*Extracted data*.
□ □ □ □

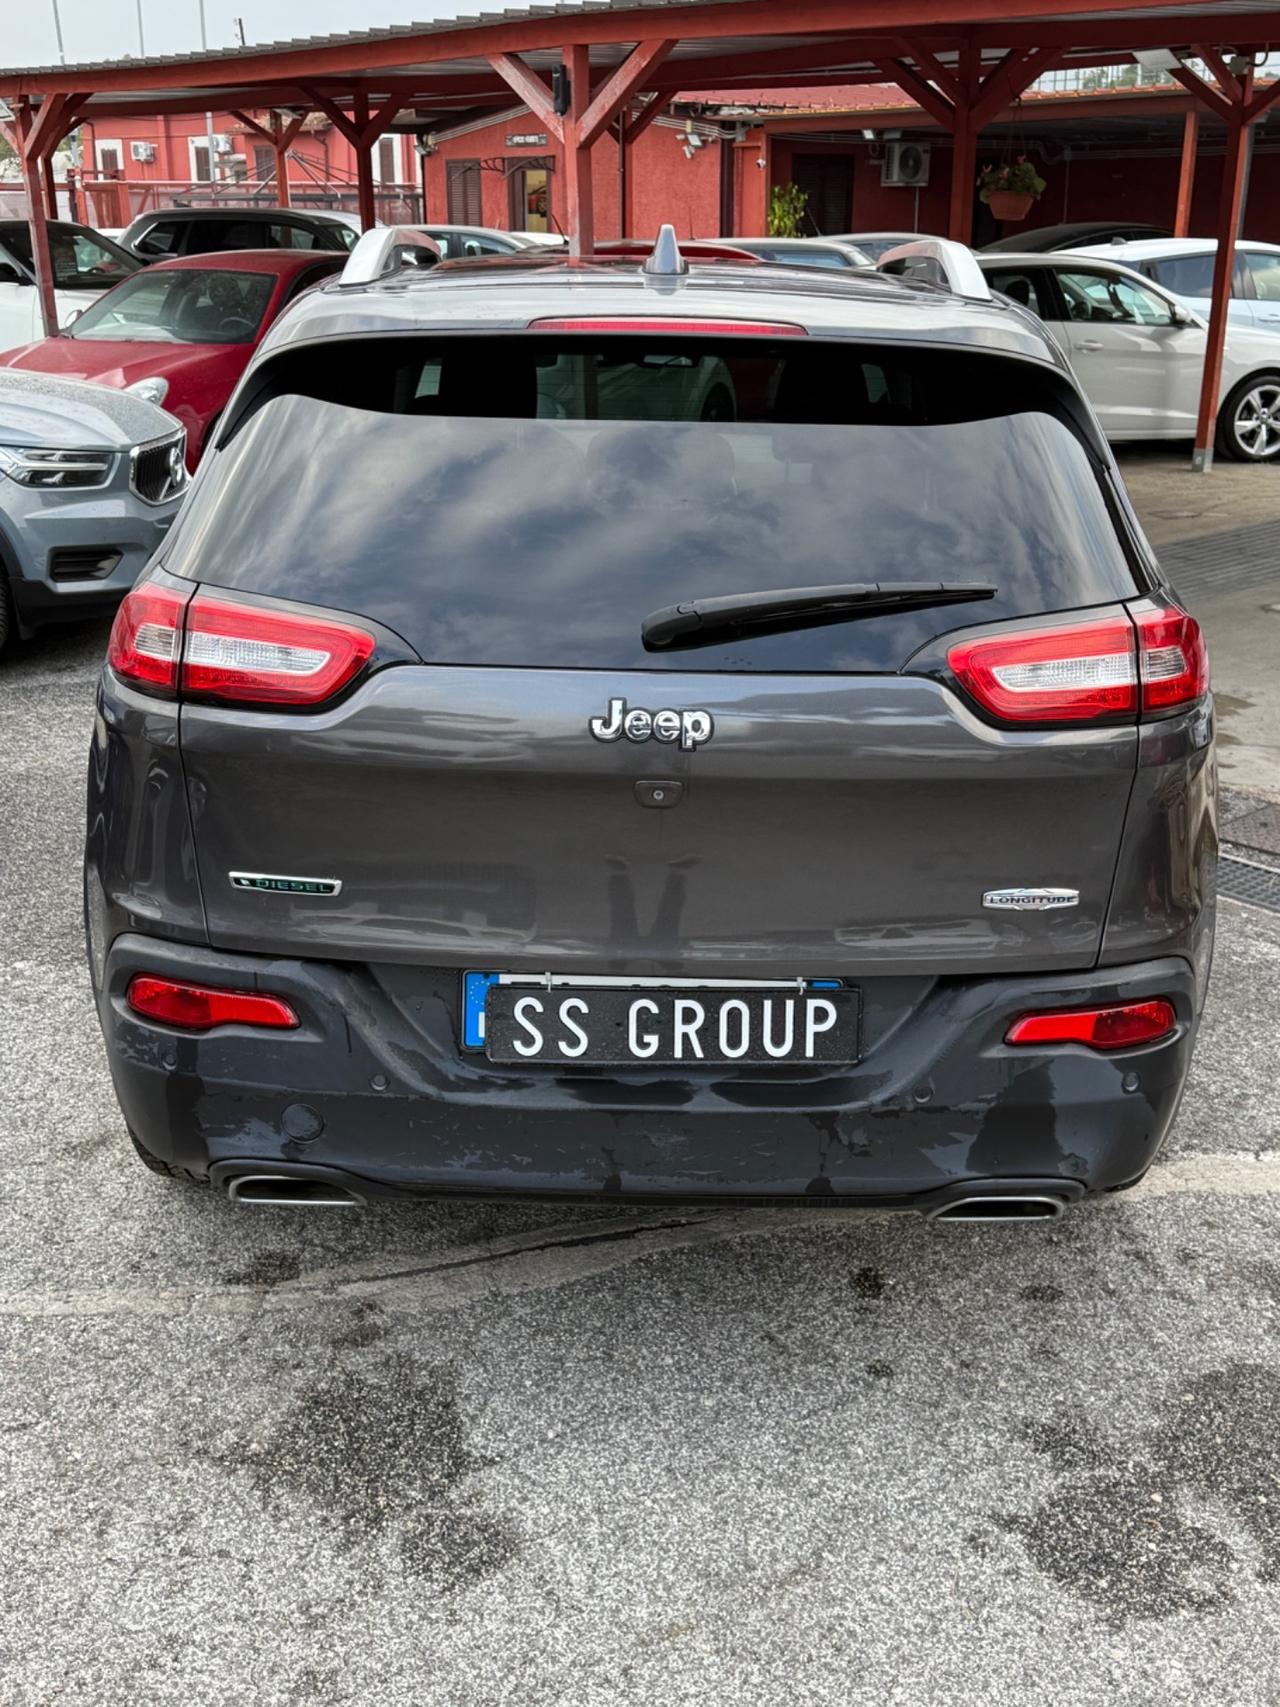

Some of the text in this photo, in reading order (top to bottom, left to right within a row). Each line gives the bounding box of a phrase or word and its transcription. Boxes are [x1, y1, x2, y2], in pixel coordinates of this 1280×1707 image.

[589, 697, 714, 751] Jeep
[256, 879, 331, 892] DIESEL
[990, 896, 1076, 904] LONGITUDE
[513, 997, 838, 1058] SS GROUP
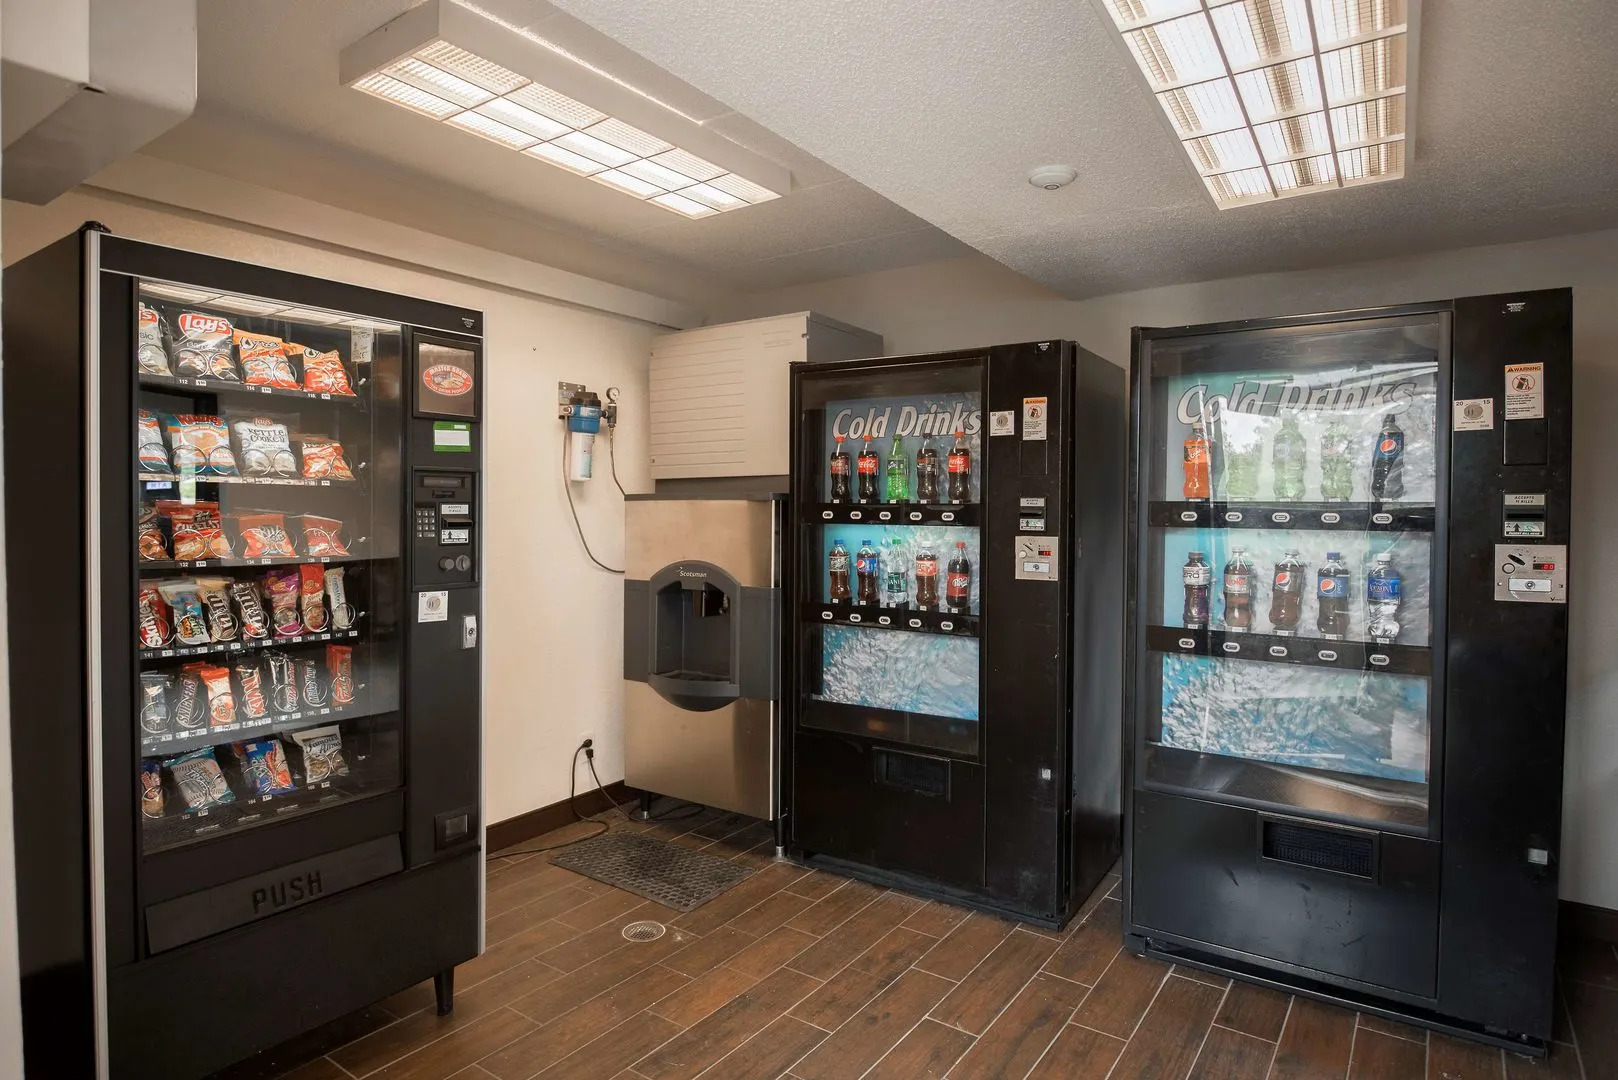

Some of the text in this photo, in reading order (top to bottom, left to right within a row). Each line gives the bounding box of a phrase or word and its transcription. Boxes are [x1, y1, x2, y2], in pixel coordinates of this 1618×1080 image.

□ □ □ □

The goal is an exact reprint of the entries, leaving out the pictures.

Some of the text in this photo, in reading order (top to bottom, left to right within a row). Each line gives the bounding box of a phrase or word and its transcription. Boxes are [x1, y1, x2, y2], in pixel coordinates of this 1280×1707 image.

[589, 697, 714, 751] Jeep
[256, 879, 331, 892] DIESEL
[990, 896, 1076, 904] LONGITUDE
[513, 997, 838, 1058] SS GROUP

Some of the text in this photo, in reading order (top to bottom, left to right within a row). Each line gives the bounding box of a phrase or word and its transcription. Boxes are [x1, y1, x2, y2], in pixel coordinates of this 1618×1080 image.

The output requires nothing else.